> WHAT YOU NEED TO DO: Exact copy, pictures excluded: write out every line below.

(Items from a dataset)
★ ★ ★ ★ ★

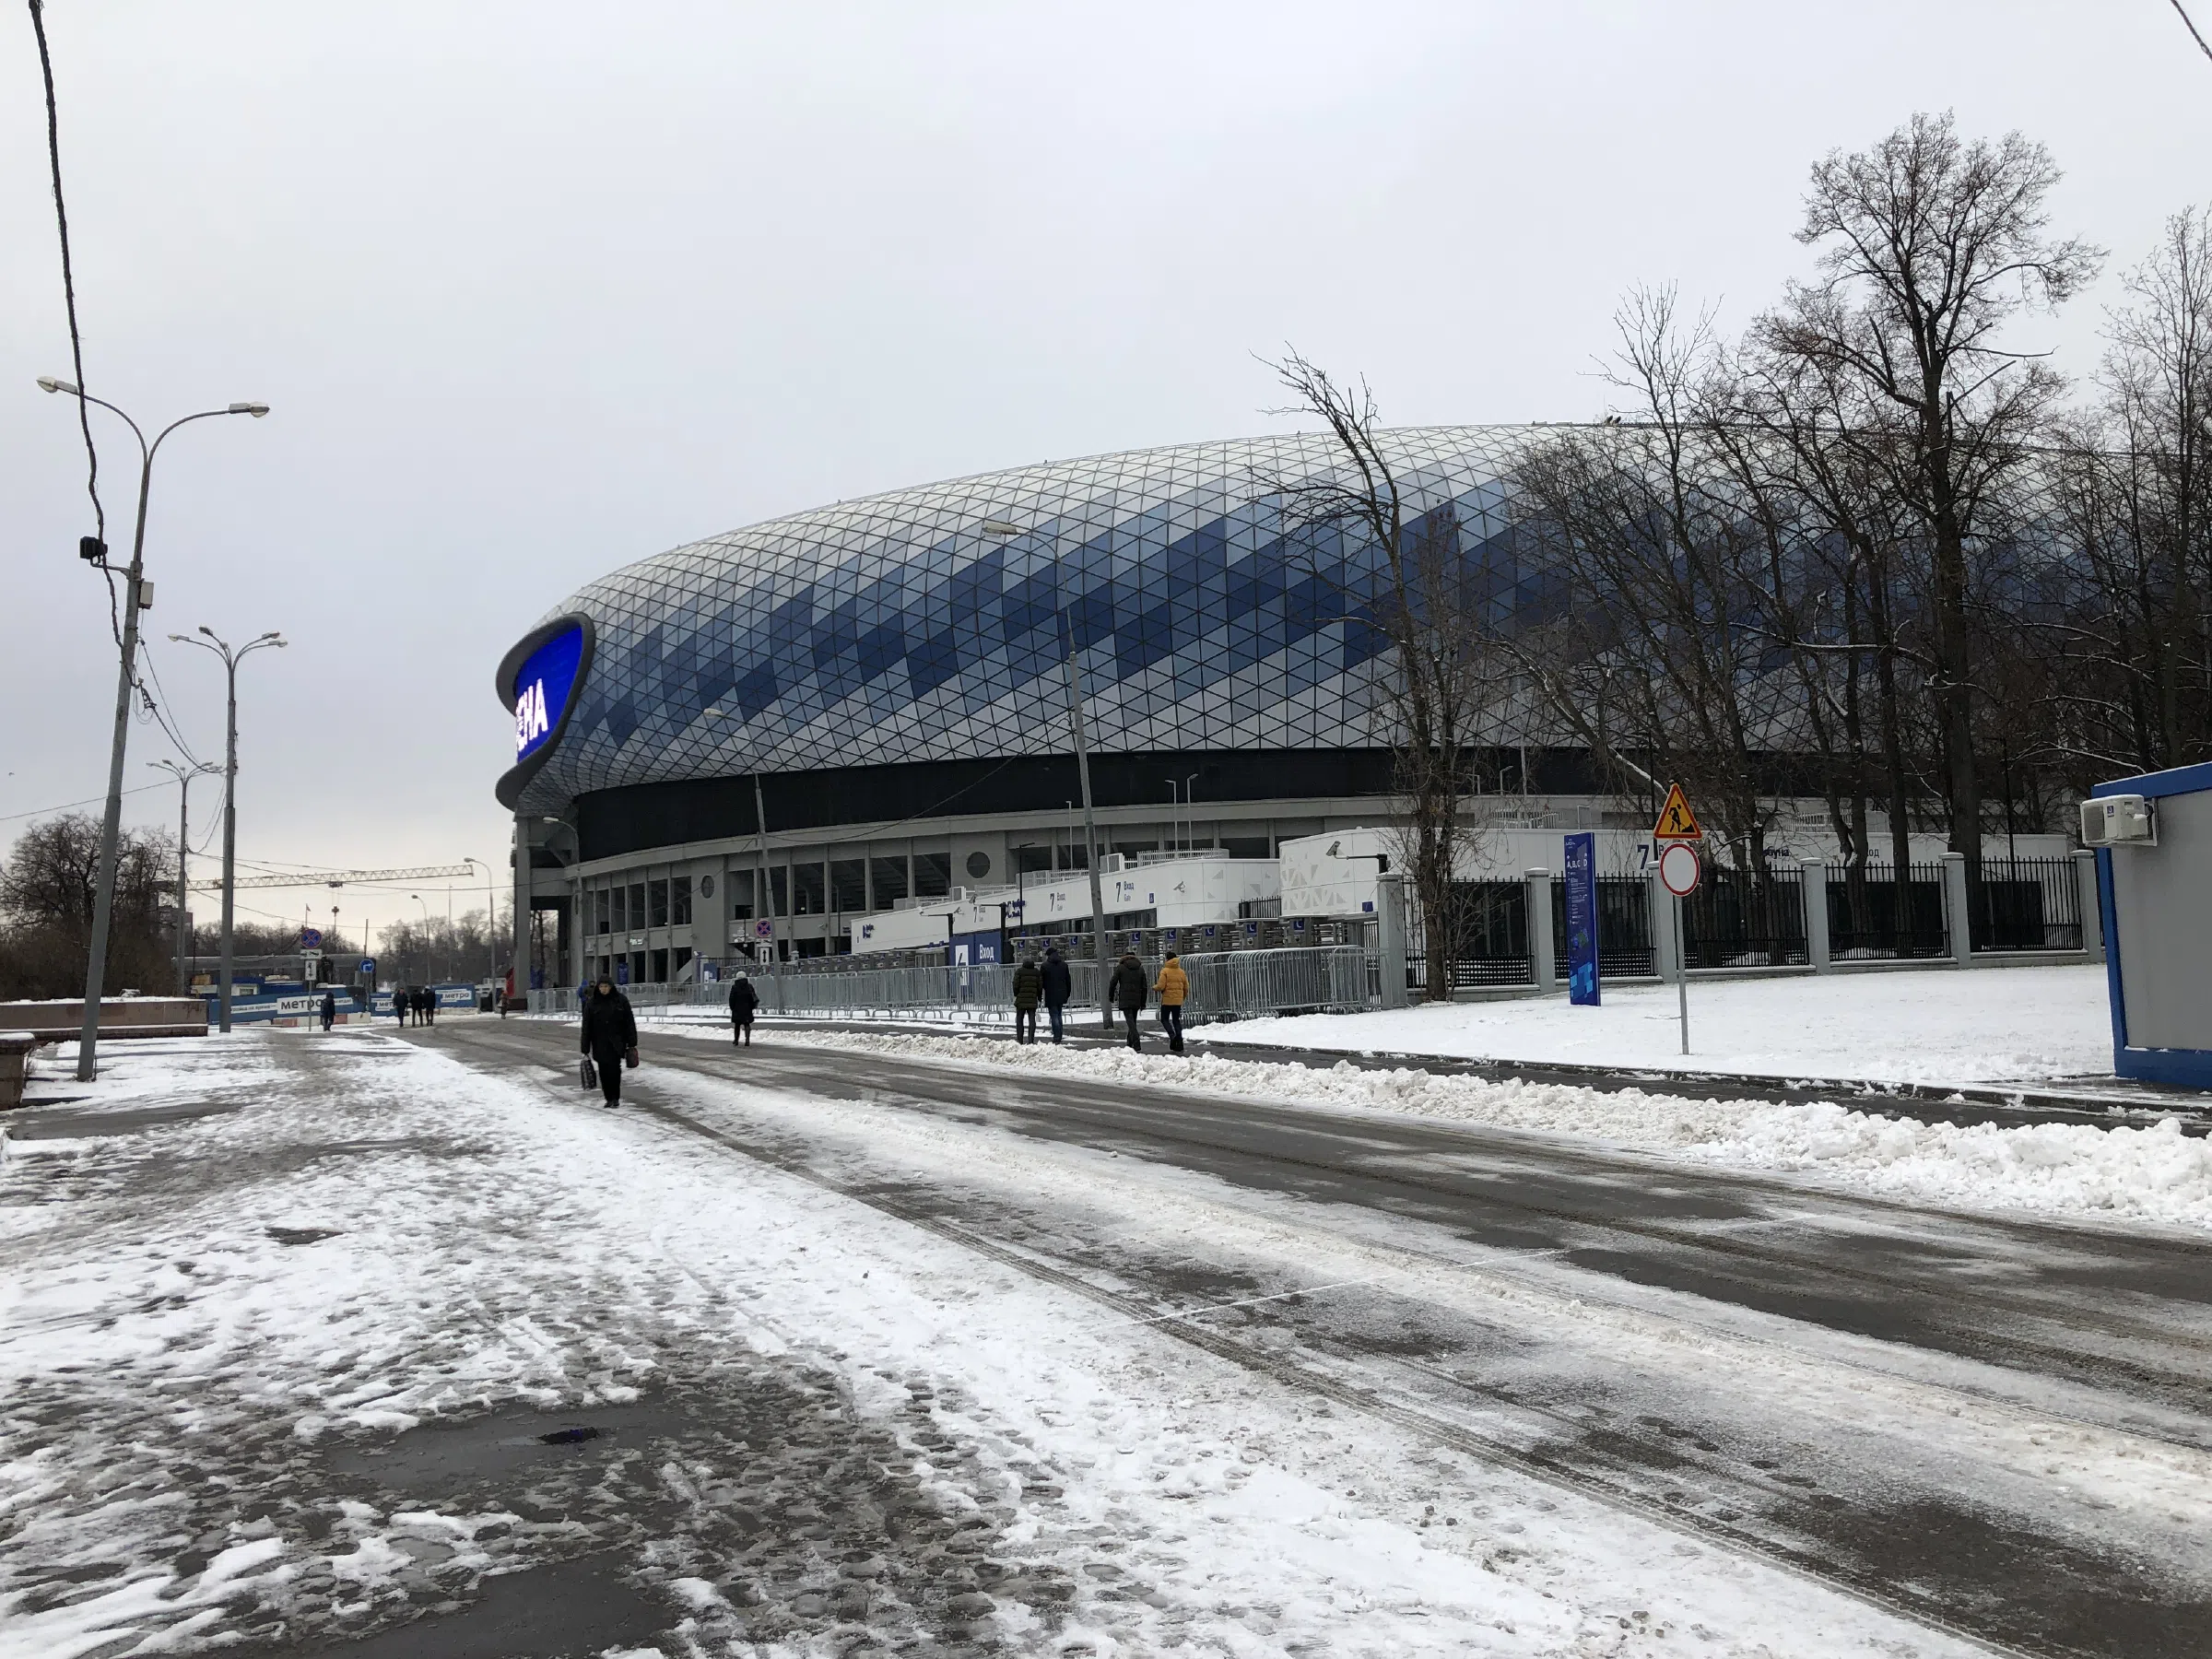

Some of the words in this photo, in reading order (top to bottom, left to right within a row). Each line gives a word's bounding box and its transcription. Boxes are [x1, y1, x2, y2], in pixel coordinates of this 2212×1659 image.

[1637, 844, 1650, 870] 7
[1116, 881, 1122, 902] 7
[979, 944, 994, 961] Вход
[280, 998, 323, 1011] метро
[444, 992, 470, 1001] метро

★ ★ ★ ★ ★

> RESPONSE TO THE TASK:
Some of the words in this photo, in reading order (top to bottom, left to right within a row). Each line gives a word's bounding box and its transcription. Boxes are [x1, y1, x2, y2], in pixel coordinates of this 2212×1659 image.

[1637, 844, 1650, 870] 7
[1116, 881, 1122, 902] 7
[979, 944, 994, 961] Вход
[280, 998, 323, 1011] метро
[444, 992, 470, 1001] метро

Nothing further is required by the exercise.